Мама́ слушала, не перебивая, сложив руки на коленях.

Когда он кончил, она долго молчала.

— Теперь я это тоже видела, — сказала она. — Спасибо.

И налила ему ещё чаю.

* * *

Про Серпуховской уезд ему сказал Тарусов, ещё в Козлове, между делом, отвечая совсем на другой вопрос.

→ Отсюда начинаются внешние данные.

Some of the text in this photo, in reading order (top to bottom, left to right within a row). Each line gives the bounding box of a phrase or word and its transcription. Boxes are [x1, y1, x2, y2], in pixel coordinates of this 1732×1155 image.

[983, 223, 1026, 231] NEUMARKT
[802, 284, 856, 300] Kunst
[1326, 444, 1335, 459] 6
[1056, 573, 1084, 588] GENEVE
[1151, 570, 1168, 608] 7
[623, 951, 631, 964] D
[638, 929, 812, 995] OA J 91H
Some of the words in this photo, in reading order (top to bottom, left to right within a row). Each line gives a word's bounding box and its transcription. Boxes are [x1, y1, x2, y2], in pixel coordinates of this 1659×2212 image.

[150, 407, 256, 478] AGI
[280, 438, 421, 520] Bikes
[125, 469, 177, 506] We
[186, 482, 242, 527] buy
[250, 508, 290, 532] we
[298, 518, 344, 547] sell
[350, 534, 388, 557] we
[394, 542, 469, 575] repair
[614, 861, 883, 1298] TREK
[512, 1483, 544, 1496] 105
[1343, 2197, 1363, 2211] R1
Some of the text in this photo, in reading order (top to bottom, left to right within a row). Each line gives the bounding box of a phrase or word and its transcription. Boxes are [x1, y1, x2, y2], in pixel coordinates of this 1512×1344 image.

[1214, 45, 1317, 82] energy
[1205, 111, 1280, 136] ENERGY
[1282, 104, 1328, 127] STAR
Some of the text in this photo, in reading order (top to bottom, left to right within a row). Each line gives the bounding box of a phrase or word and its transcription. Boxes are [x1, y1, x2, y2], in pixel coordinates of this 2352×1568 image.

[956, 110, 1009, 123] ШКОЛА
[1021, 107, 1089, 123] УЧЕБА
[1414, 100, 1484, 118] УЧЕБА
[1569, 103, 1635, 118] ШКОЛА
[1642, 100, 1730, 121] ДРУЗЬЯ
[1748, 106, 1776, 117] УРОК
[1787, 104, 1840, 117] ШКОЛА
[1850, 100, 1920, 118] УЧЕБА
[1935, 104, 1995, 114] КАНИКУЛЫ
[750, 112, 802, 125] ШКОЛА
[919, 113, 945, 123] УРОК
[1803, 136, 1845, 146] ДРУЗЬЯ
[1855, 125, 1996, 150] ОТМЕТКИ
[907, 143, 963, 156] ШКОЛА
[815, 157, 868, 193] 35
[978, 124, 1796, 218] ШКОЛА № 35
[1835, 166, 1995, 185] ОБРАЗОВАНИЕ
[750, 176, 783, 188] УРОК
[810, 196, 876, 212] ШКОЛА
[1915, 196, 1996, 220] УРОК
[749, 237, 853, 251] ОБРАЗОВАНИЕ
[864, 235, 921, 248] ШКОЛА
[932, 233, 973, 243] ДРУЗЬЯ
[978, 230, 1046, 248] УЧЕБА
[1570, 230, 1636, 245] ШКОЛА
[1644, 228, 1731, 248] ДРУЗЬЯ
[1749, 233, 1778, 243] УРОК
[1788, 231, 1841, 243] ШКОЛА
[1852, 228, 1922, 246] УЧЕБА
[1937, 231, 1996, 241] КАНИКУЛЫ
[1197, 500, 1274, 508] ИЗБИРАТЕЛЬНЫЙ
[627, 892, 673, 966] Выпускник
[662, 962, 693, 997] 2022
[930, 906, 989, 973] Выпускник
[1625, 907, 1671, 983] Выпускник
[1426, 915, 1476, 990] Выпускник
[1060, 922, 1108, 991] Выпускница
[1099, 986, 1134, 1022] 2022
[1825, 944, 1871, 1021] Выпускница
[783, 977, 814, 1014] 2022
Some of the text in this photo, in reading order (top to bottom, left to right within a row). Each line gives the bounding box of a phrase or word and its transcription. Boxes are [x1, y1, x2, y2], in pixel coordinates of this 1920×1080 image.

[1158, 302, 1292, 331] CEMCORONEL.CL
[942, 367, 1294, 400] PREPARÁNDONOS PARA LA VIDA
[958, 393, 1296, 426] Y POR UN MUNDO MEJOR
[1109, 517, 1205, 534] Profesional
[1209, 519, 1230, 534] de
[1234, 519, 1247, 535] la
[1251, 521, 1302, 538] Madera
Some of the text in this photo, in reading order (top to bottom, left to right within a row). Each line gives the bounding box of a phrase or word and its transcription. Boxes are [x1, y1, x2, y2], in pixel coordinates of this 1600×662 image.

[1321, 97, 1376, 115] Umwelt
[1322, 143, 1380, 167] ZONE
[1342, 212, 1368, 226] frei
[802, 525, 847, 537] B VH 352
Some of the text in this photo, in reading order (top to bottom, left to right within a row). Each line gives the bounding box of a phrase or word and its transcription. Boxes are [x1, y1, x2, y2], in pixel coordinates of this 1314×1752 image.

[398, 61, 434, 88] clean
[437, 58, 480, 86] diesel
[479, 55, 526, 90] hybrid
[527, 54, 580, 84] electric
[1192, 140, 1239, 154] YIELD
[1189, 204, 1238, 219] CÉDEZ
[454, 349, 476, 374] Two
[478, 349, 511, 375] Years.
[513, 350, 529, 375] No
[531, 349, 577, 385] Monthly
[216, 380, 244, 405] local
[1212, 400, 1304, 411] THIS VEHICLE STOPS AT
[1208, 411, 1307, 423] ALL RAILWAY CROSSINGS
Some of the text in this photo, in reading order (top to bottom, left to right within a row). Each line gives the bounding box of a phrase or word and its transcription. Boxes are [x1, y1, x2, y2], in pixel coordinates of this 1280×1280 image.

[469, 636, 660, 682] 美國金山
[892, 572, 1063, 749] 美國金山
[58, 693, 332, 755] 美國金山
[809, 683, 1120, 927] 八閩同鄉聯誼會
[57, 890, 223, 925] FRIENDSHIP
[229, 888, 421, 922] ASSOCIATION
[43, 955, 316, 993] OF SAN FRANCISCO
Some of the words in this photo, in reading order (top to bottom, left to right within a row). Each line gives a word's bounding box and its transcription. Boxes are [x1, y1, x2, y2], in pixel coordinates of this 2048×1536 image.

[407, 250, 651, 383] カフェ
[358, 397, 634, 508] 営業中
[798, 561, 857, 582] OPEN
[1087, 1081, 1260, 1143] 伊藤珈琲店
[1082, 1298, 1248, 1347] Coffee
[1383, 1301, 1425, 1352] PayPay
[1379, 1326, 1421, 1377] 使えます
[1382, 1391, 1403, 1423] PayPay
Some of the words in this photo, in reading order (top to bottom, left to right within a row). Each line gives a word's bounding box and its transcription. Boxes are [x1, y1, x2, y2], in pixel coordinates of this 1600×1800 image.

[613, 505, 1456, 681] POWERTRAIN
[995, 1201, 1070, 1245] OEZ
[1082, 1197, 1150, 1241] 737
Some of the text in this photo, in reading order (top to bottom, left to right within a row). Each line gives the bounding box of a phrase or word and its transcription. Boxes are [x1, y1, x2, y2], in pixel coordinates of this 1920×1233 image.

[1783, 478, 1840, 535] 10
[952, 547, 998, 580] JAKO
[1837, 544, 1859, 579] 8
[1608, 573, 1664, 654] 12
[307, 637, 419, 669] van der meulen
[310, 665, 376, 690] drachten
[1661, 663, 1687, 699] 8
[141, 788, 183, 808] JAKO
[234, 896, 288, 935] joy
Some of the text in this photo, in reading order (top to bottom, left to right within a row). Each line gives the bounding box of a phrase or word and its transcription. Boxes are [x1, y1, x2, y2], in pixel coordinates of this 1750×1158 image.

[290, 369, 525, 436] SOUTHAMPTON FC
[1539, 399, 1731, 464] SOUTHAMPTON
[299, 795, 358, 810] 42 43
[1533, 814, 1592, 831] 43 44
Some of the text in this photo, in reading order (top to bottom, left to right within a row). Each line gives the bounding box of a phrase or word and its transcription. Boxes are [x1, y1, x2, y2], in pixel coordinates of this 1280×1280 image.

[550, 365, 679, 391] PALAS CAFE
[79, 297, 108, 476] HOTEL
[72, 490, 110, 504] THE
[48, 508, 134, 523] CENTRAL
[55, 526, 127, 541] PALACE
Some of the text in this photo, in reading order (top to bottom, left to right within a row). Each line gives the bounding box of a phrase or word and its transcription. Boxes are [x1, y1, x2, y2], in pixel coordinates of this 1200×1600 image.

— Хотите посмотреть, как надо? Поезжайте в Московскую губернию, в Серпуховской. Там участок держит один — двадцать пять деревень, четыре фабрики и монастырь. Жалованья не берёт.

— Фамилия?

— Чехов, — сказал Тарусов. — Тот самый, если вам это что-нибудь говорит.

Это говорило.

Миша три дня по дороге воевал сам с собой и, кажется, победил не полностью.

Он совершенно точно знал, чего делать нельзя. Нельзя говорить, что читал. Нельзя говорить, что будет читать. Нельзя ронять названий. Нельзя смотреть на человека так, как смотрят на памятник, потому что памятнику тридцать два года и он в это лето лечит понос по деревням.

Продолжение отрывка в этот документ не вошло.